**Action item:** When you retype the entries, keep each one exact and leave out the pictures.

**Data supplied:**
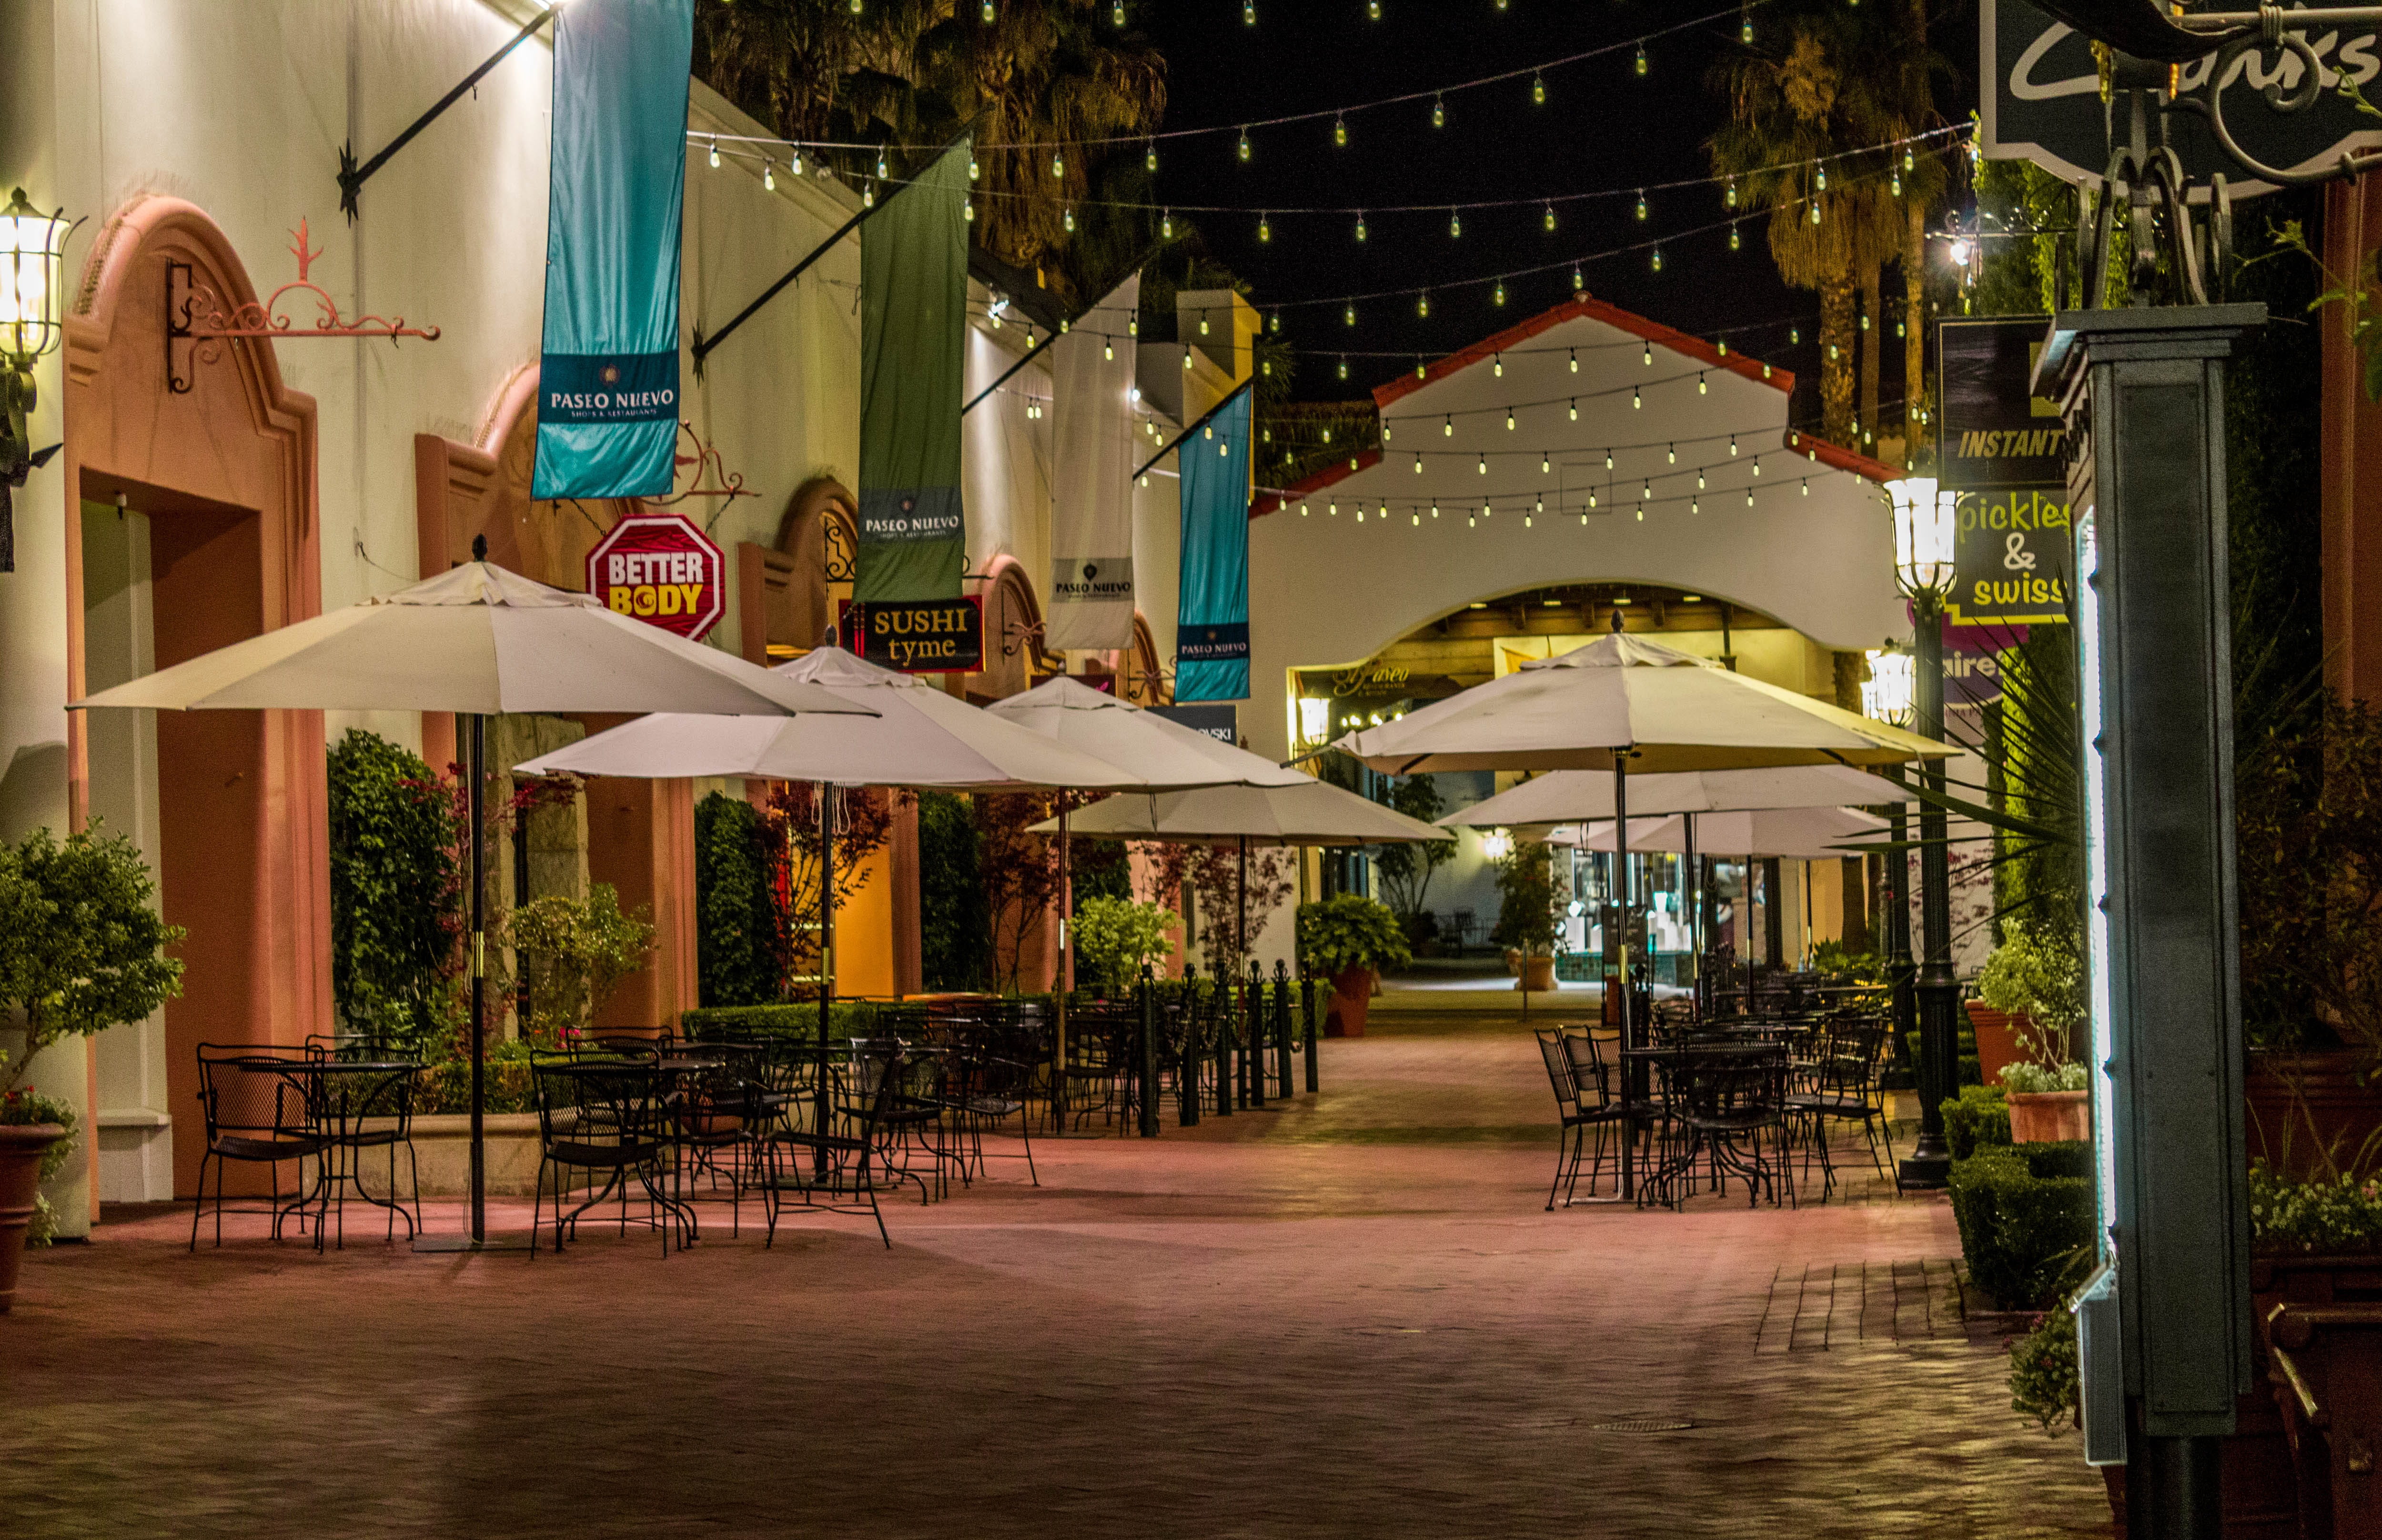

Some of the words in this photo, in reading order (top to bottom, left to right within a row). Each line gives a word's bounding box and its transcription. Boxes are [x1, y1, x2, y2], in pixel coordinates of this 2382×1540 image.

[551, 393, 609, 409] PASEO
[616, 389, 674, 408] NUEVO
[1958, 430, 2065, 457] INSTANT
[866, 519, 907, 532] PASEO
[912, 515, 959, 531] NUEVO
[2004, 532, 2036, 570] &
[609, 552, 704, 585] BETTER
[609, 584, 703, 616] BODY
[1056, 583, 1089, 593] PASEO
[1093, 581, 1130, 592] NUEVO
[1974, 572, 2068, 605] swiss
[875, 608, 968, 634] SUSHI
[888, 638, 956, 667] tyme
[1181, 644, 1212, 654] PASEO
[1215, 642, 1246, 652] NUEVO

**Result for this task:**
Some of the words in this photo, in reading order (top to bottom, left to right within a row). Each line gives a word's bounding box and its transcription. Boxes are [x1, y1, x2, y2], in pixel coordinates of this 2382×1540 image.

[551, 393, 609, 409] PASEO
[616, 389, 674, 408] NUEVO
[1958, 430, 2065, 457] INSTANT
[866, 519, 907, 532] PASEO
[912, 515, 959, 531] NUEVO
[2004, 532, 2036, 570] &
[609, 552, 704, 585] BETTER
[609, 584, 703, 616] BODY
[1056, 583, 1089, 593] PASEO
[1093, 581, 1130, 592] NUEVO
[1974, 572, 2068, 605] swiss
[875, 608, 968, 634] SUSHI
[888, 638, 956, 667] tyme
[1181, 644, 1212, 654] PASEO
[1215, 642, 1246, 652] NUEVO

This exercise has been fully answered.